Latin lovers in Japan

August 31st, 2009 by Jason Jenkins


I’m standing in Treasure Chest, a watering hole deep in the bowels of Shibuya. An old-school Jamaican-style sound system blasts cumbia and rock-en-Español while patrons trickle in, buy drinks and start shaking handmade rattles to the beat. In an hour or so, the band EKD (above) will set up behind the bar and play a free set of Latin-inflected surf-rock. They are relatively unknown so far, but if Japanese tastes continue on the same trajectory, EKD will be playing much larger venues soon enough.

Whether it be salsa, flamenco, samba or mambo, the Latin musical spectrum has a long and storied history in Japan, but in recent years more eclectic and subversive sounds have gained traction with the twentysomething set. These bands frequently mix traditional musical elements with punk ethos or political predilections. Sometimes both.

This is in no small part thanks to Smash, one of Japan’s big-dog music promoters and the company that brings you the Fuji Rock Festival. It’s no secret that Masa Hidaka, lovingly called Smash’s taisho (“Generalissimo”), is a fan of both Latin sounds and “rebel rock.” A quick scan through recent Smash calendars and Fuji Rock rosters reveals at least three Basque separatist bands — Boikot (punk), Esne Belza (cumbia) and Berri Txarrak (metal) — and last year’s surprise hit at Fujirock was Mexico City’s Rodrigo y Gabriella, who return to Japan this coming January.

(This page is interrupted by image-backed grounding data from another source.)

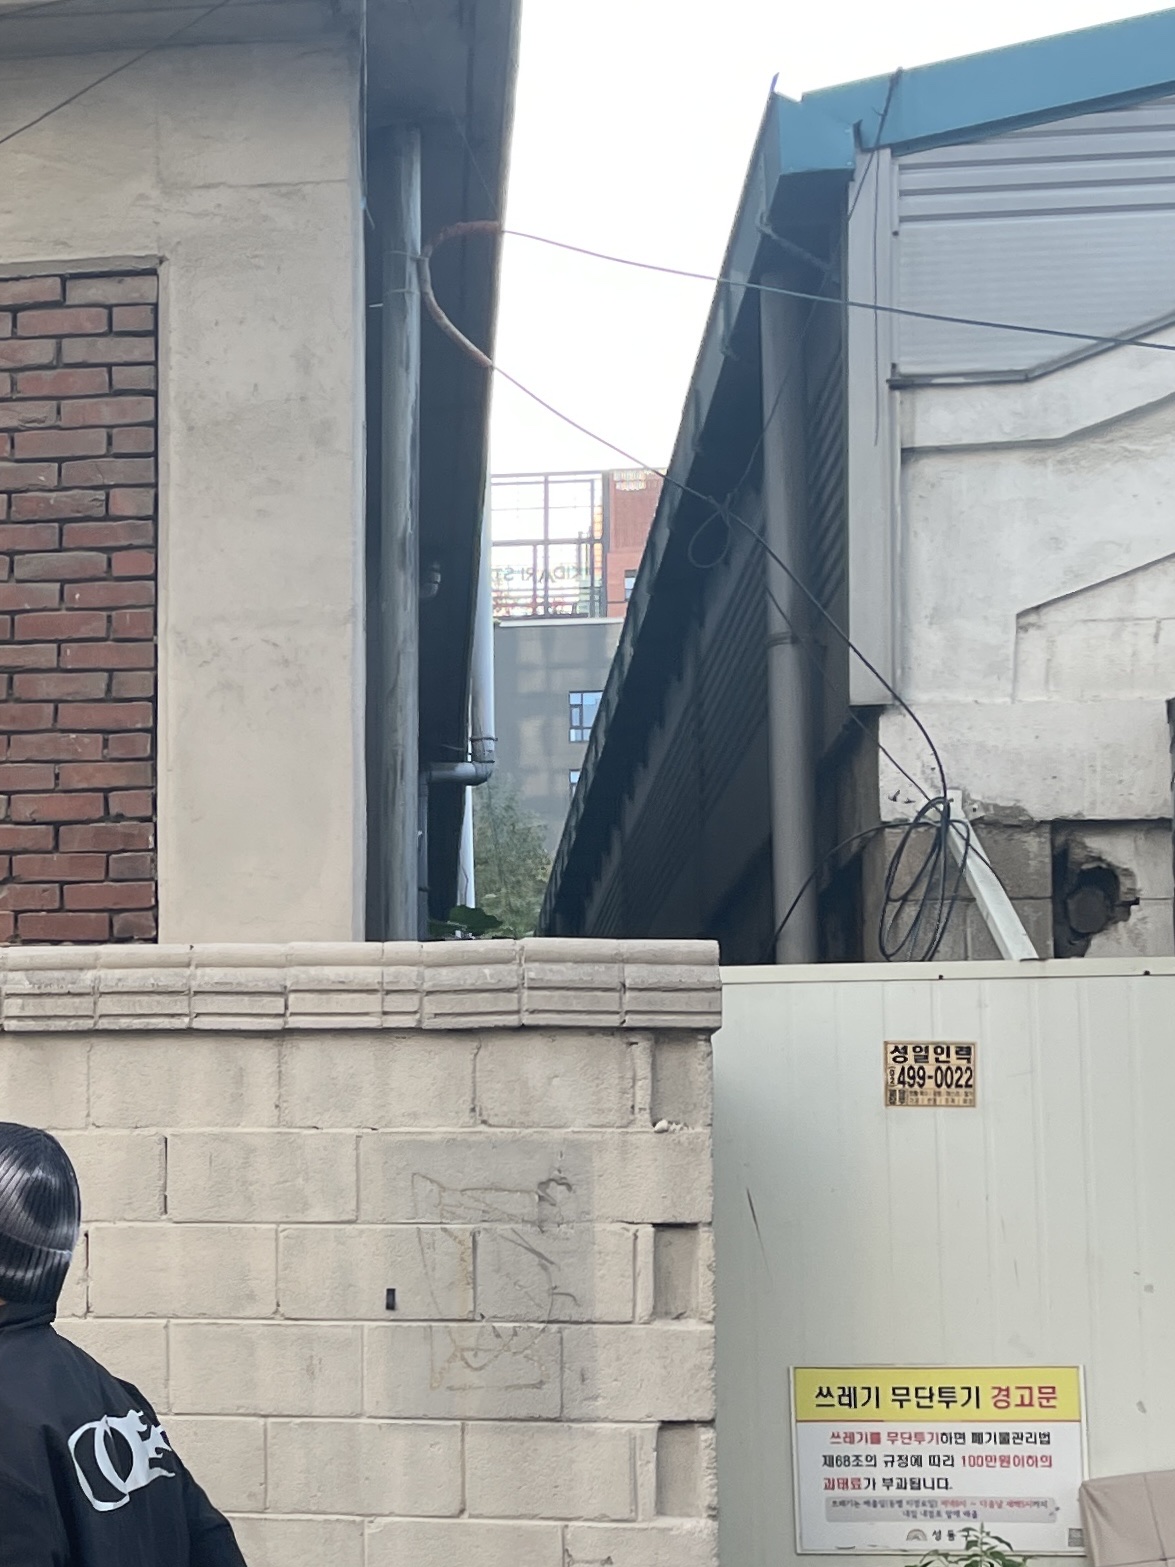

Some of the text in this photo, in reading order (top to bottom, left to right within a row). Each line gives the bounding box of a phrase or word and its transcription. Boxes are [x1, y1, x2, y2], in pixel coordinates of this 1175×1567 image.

[890, 1045, 972, 1064] 성일인력
[897, 1065, 973, 1088] 499-0022
[815, 1385, 1058, 1409] 쓰레기 무단투기 경고문
[830, 1431, 1052, 1446] 쓰레기를 무단투기하면 폐기물관리법
[822, 1454, 878, 1469] 제68조의
[883, 1454, 923, 1469] 규정에
[961, 1454, 1053, 1469] 100만원이하의
[823, 1477, 953, 1492] 과태료가 부과됩니다.

Another promoter to look out for is Japonicus, an Argentinian/Japanese operation who promote a number of interesting bands and DJ nights. This includes EKD, who I first saw blowing the roof off the Crystal Palace stage at Fuji Rock this year as a 7-piece. At Treasure Chest last week they were a trio (probably couldn’t fit any more behind the bar), propelled only by an acoustic-electric guitar, cowbells and a sampler. There was a heavy dose of Manu Chao to their set, but the much more muscular sound of live performances (and if you think Manu Chao is only for stoners lounging in the youth hostel lobby, you really need to hear him live).